Nijmegen has been elected European Green Capital 2018. A beautiful award that resulted  from many years of hard work on greening the city and making the city more sustainable. However, still many challenges need to be addressed to ensure a continuity towards a more sustainable future. It is within this context that the municipality of Nijmegen sees opportunities for improvement by focussing on issues related to food provisioning. For example, the municipality aims to become more sustainable by: supporting local/regional food provisioning practices, hence, reducing food miles and CO2-emissions; by facilitating a multiplicity of food production activities within the city such as vertical farming, community supported agriculture, food forests and urban foraging; by enclosing metabolic cycles to retain raw materials, minimalize waste production and save on water and energy use, and; by stimulating ‘food citizenship’ which implies an involvement of consumers within the food provisioning networks who are willing to make food choices more consciously.

In her aim to support existing and stimulate the set-up of new social and ecological sustainable food provisioning activities, the municipality offers 3 MSc students the opportunity to do an internship/carry out research for a period of 4 – 6 months. There are three projects to which you can apply (see below) by sending your CV and letter of motivation to martin.ruivenkamp@wur.nl.

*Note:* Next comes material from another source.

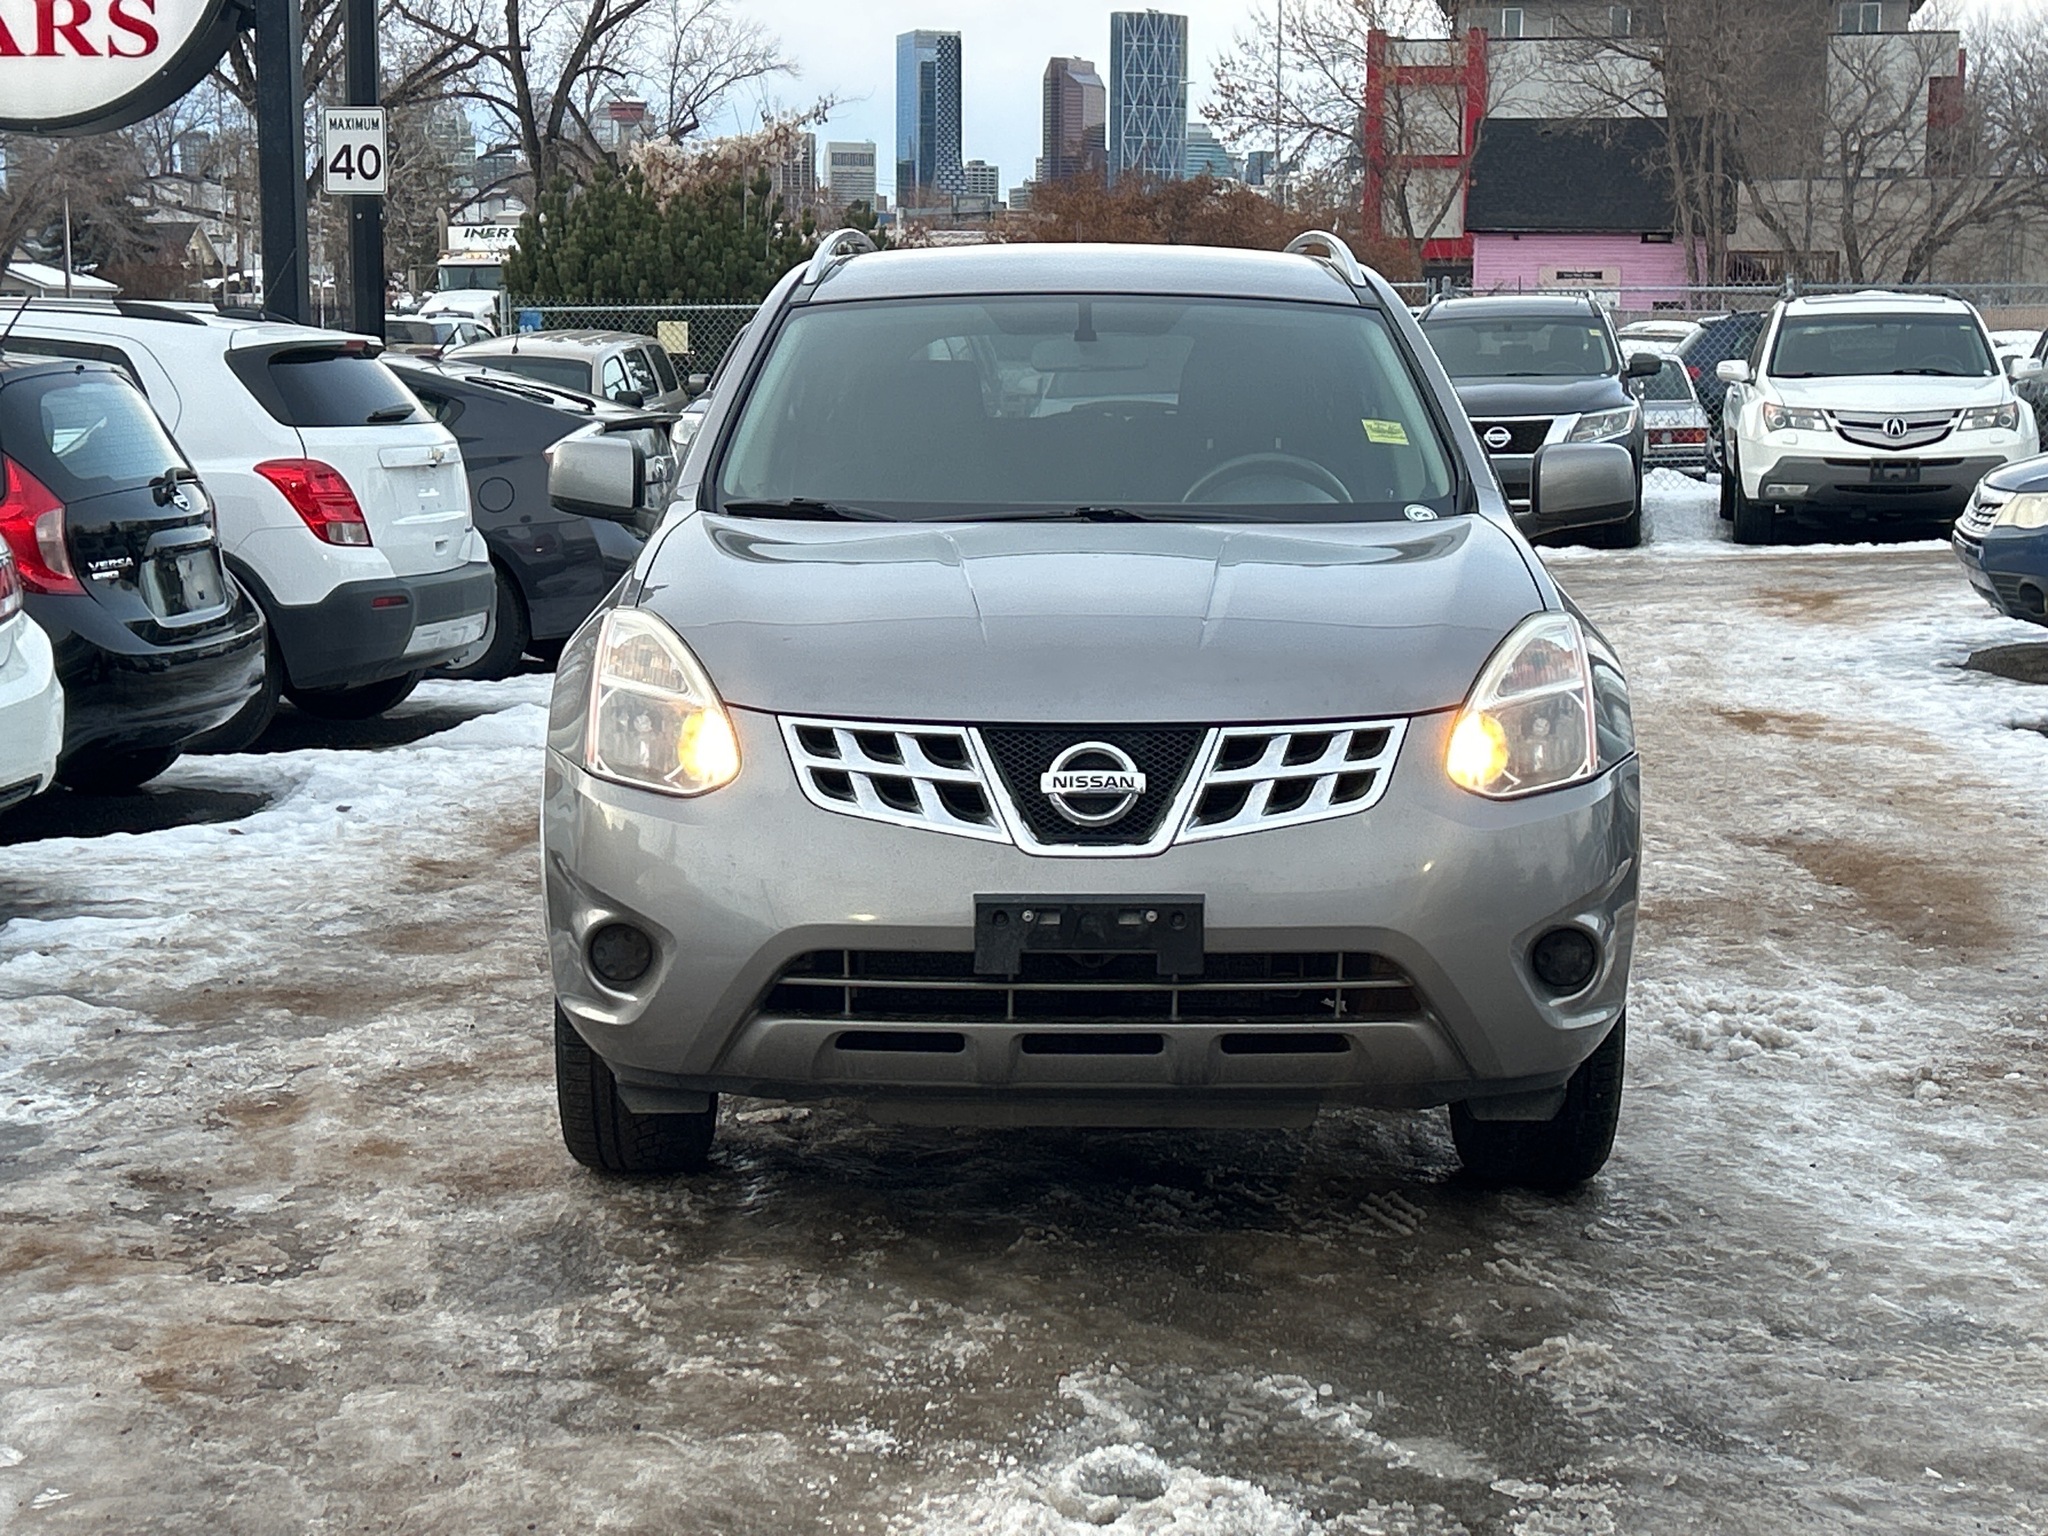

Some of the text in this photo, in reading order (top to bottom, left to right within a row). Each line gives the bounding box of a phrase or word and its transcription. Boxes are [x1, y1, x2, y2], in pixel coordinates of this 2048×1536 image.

[329, 117, 380, 131] MAXIMUM
[329, 144, 381, 180] 40
[1053, 776, 1135, 788] NISSAN

The municipality of Nijmegen offers you the opportunity to see and learn what it implies to work for a governmental organization. At the municipality you will have your own workspace and access to all the facilities the municipality offers its employees. In addition, you will be offered a monthly fee of €400 (depending on amount of months and hours/week).

Qualifications:

  • You are willing to work for a period of 4 – 6 months at the municipality of Nijmegen
  • You need to be available for at least 32 hours a week
  • You are able to conduct qualitative research in Dutch.
  • You are able to engage diverse stakeholders in participatory and collaborative research
  • You have an interest in diverse economies and social innovation
  • You are registered for one of the following MSc programmes: MID, MCS, MFT, or MOA
  • You have completed at least 2 RSO courses (or relevant social science courses)

Start date: May or June 2019

Questions? Please get in touch!

Supervisors: Martin Ruivenkamp (RSO) martin.ruivenkamp@wur.nl and Joost Jongerden (RSO)

Daily supervisor: Ton Verhoeven (Nijmegen)

Msc Thesis Subject 1 – Mapping food provisioning activities

A diversity of food provisioning practices is emerging within the urban area of Nijmegen. While the municipality recognizes the urgent need to define propitious pathways to feed the city in a multiplicity of more sustainable, safe, culturally appropriate and nutritious ways the societal embedding of these diverse food provisioning activities is still in its infancy. Firstly, because there is no clear view on these activities. This makes it hard for the municipality to offer support or to facilitate their further embeddedness in any way. Secondly, the many different kinds of food provisioning practices, varying from kitchen gardens to food forests, from Community Supported Agriculture to edible gardens contribute each to the development of a regional food provisioning network. However, these food practices mainly operate on individual basis. What seems to be lacking are linkages between these various food provisioning practices as well as clear collaborations between ‘food citizens’ and social and ecological sustainable food provisioning practitioners. This project seeks to inventory and categorize food provisioning practices in the Nijmegen region. You will construct a database and map of food initiatives and develop a typology for categorizing these initiatives in terms of their organizational model, viability, multiplicity of values they produce, services they offers, etc. You will identify the potentials for these initiatives to build linkages or create collaborations. And, you will strengthen existing relations by bringing practitioners together. Hence, your research will offer the municipality of Nijmegen insights how to further develop a regional food provisioning network and participation of food citizens. You will do independent research, but support is provided by a team of policy advisors at the municipality of Nijmegen.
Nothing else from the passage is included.